CAFA PI Data Exploration
The Challenge
This semester, I’ve been working with the BYU Bioinformatics Research Group on the CAFA PI challenge. The goal of CAFA PI is to predict which proteins perform some specific functions. The first major roadblock: no training data was provided.
So we divided into three groups:
- Data acquisition (we needed to get our hands on some training data),
- Data transformation (said training data needed to be formatted), and
- Data analytics.
The goal of this post is to explore the test data in order to inform our future acquisition / tranformation / analytics decisions.
[Insert cool meme here]
The Data
Targets
CAFA PI gives us protein sequences for two organisms:
- Pseudomonas aureginosa (this is the spelling the CAFA website gives, but it seems like the correct spelling is aeruginosa), a multidrug resistant bacteria that’s associated with, among other nasty things, hospital-acquired infections.

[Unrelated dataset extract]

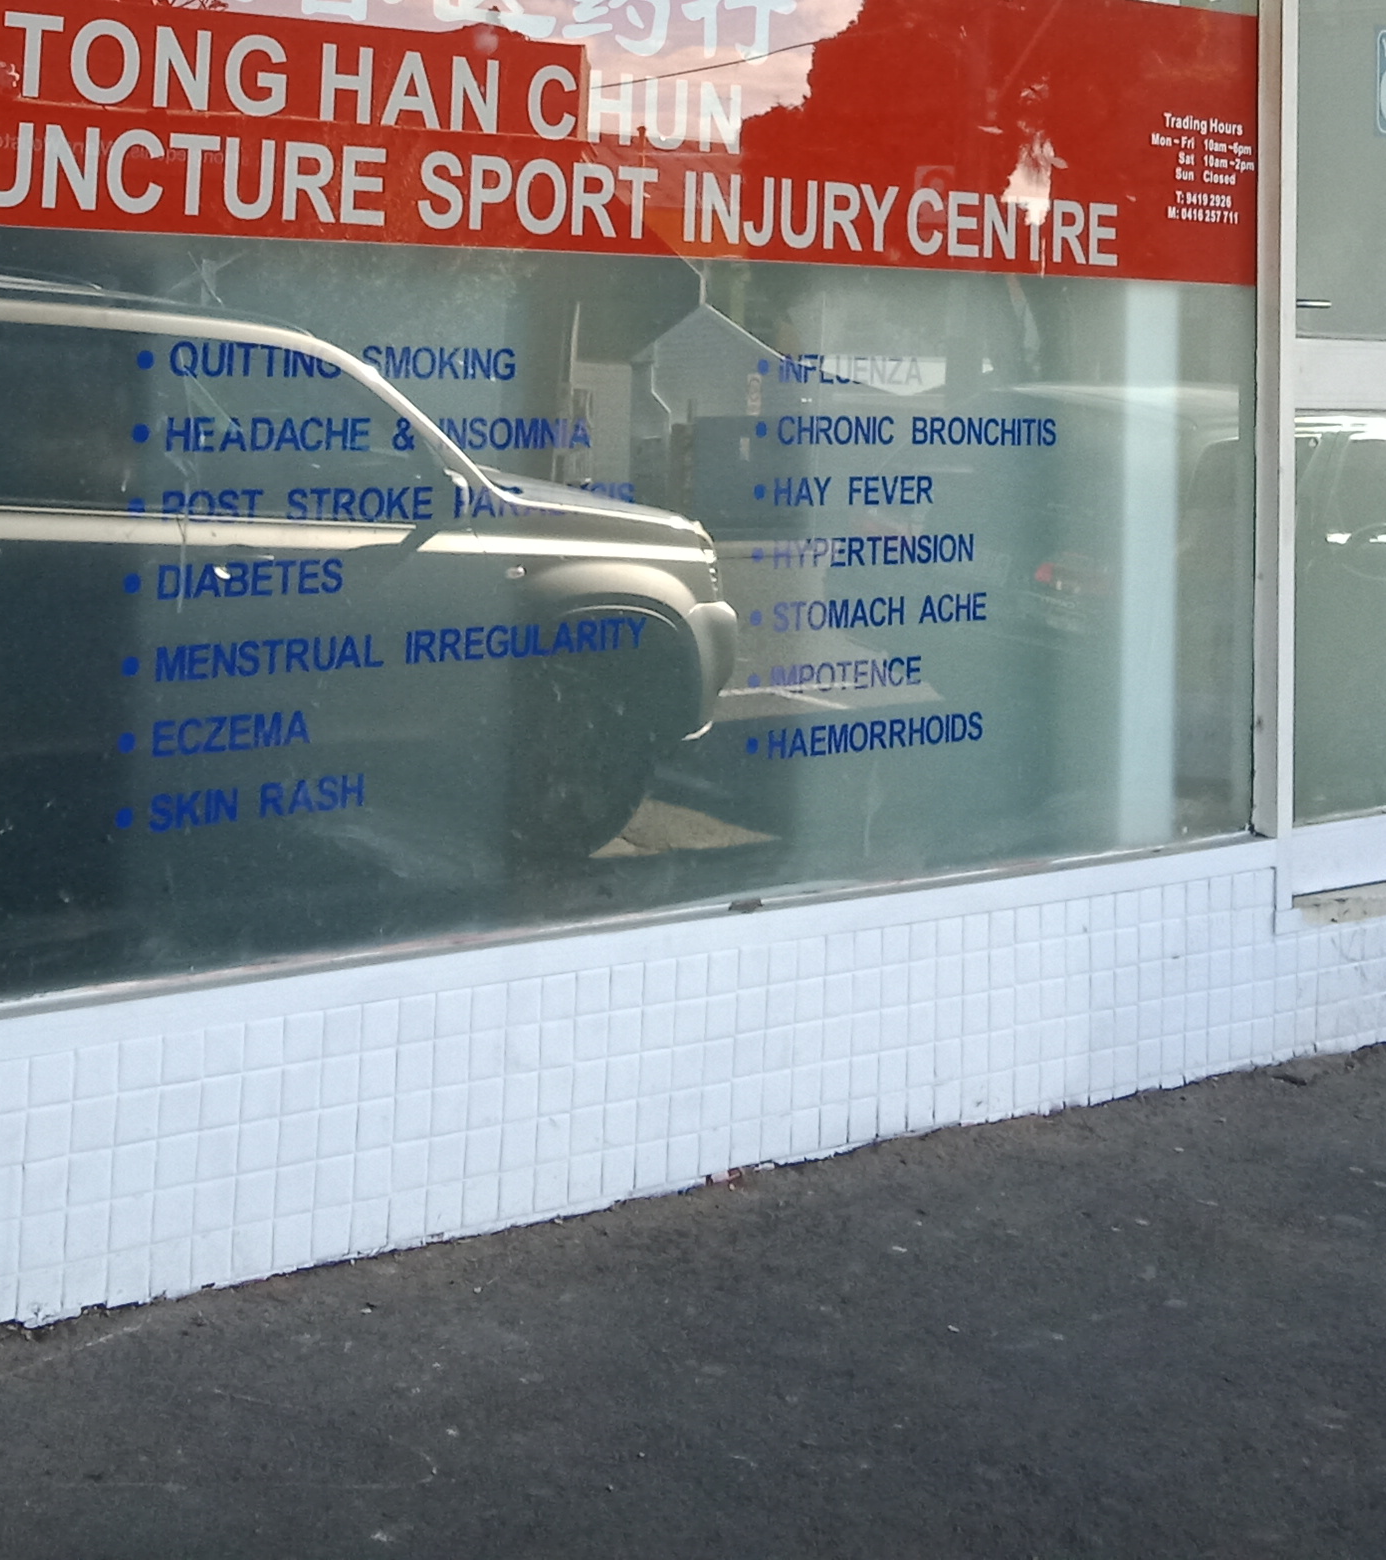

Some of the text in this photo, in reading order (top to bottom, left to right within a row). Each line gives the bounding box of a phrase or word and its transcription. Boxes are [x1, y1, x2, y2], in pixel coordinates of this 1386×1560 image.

- Candida albicans, an opportunistic yeast that’s found in about half of all healthy adults but that will also not hesitate to turn on you as soon as your immune system goes down. Wikipedia says that somewhere between 2,800 and 11,200 people in the U.S. die from Candida infections every year.
The training data comes in FASTA format, so our first order of business is to turn the FASTAs into a tidy, rectangular format. Code to download and parse the data into CSVs can be found on our GitHub repo.
Let’s load the data in and take a quick look:
pseudomonas <- read_csv("data/cafa-pi/target.208963.csv")
pseudomonas$Organism <- "Pseudomonas aureginosa"
candida <- read_csv("data/cafa-pi/target.237561.csv")
candida$Organism <- "Candida albicans"
targets <- bind_rows(pseudomonas, candida)
targets %>% select(-Sequence) %>% head() %>% kable()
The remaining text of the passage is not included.